Scientific classification
- Kingdom: Animalia
- Phylum: Chordata
- Class: Amphibia
- Order: Anura
- Family: Ranidae
- Genus: Lithobates
- Species: L. onca
- Binomial name: Lithobates onca (Cope, 1875)
- Synonyms: Rana onca Cope, 1875

= Relict leopard frog =

- Authority: (Cope, 1875)
- Conservation status: EN
- Synonyms: Rana onca Cope, 1875

Species of amphibian

The relict leopard frog (Lithobates onca, formerly Rana onca) is a species of frog in the family Ranidae, endemic to the United States.

== Description ==
The vocalizations of the relict leopard frog have been described as a "low rumbling 'snore'." Individuals measure 4.4–8.4 cm, and have a narrow, brown-colored body with darker spots and a beige-colored streak on the upper lip. Relict leopard frogs are most nocturnal.
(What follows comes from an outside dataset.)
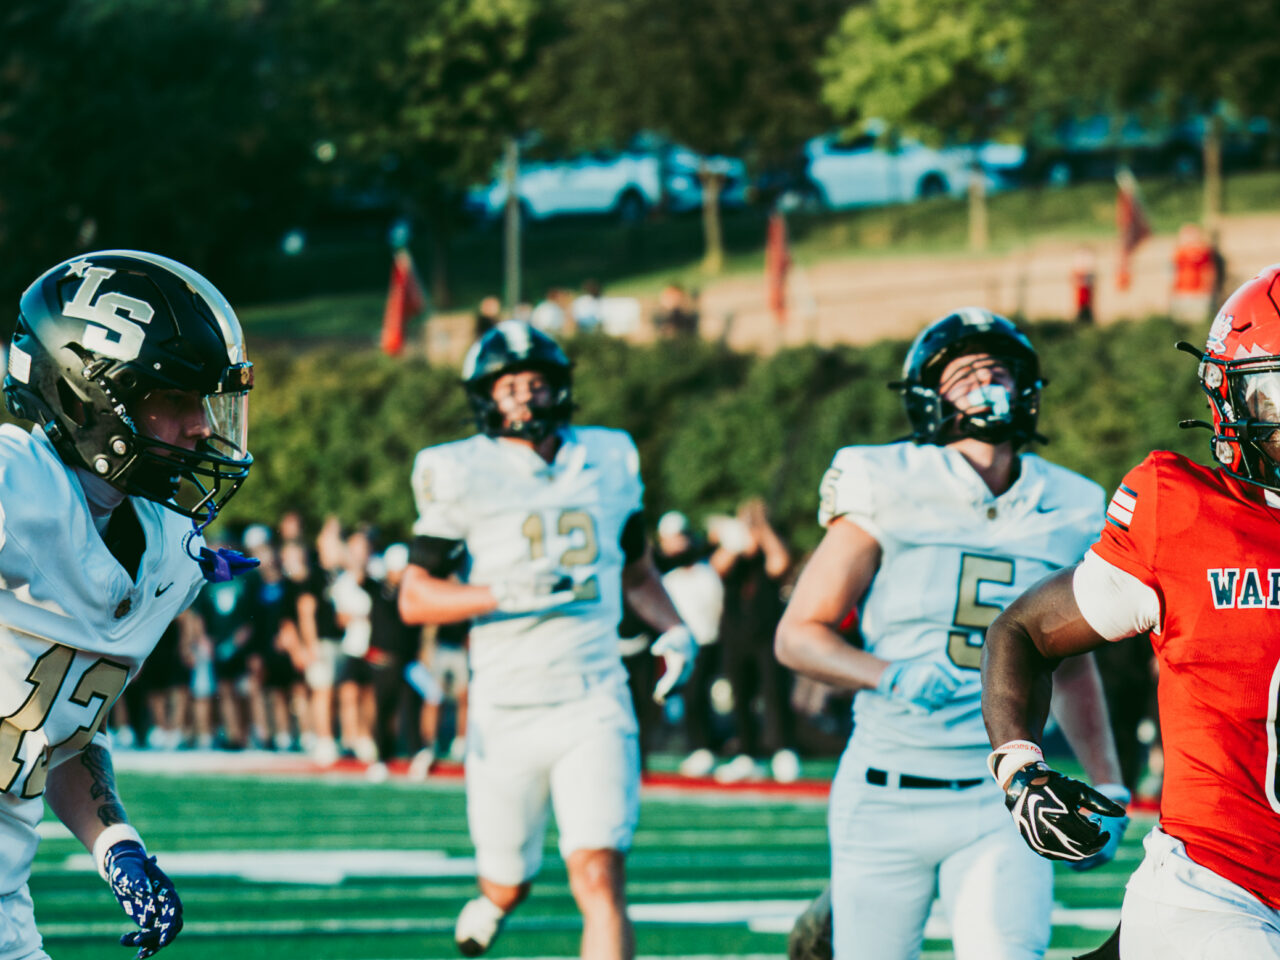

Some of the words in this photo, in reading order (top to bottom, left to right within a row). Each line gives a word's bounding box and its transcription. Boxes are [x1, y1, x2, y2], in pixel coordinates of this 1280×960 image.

==Distribution and habitat==
Its historic range is along the Colorado River in extreme northwestern Arizona, and adjacent Nevada and southwestern Utah, although true to its name, its present range seems to be restricted to the Lake Mead National Recreation Area in Nevada, rendering it extirpated in Arizona and Utah. Its natural habitat is freshwater springs and their outlets.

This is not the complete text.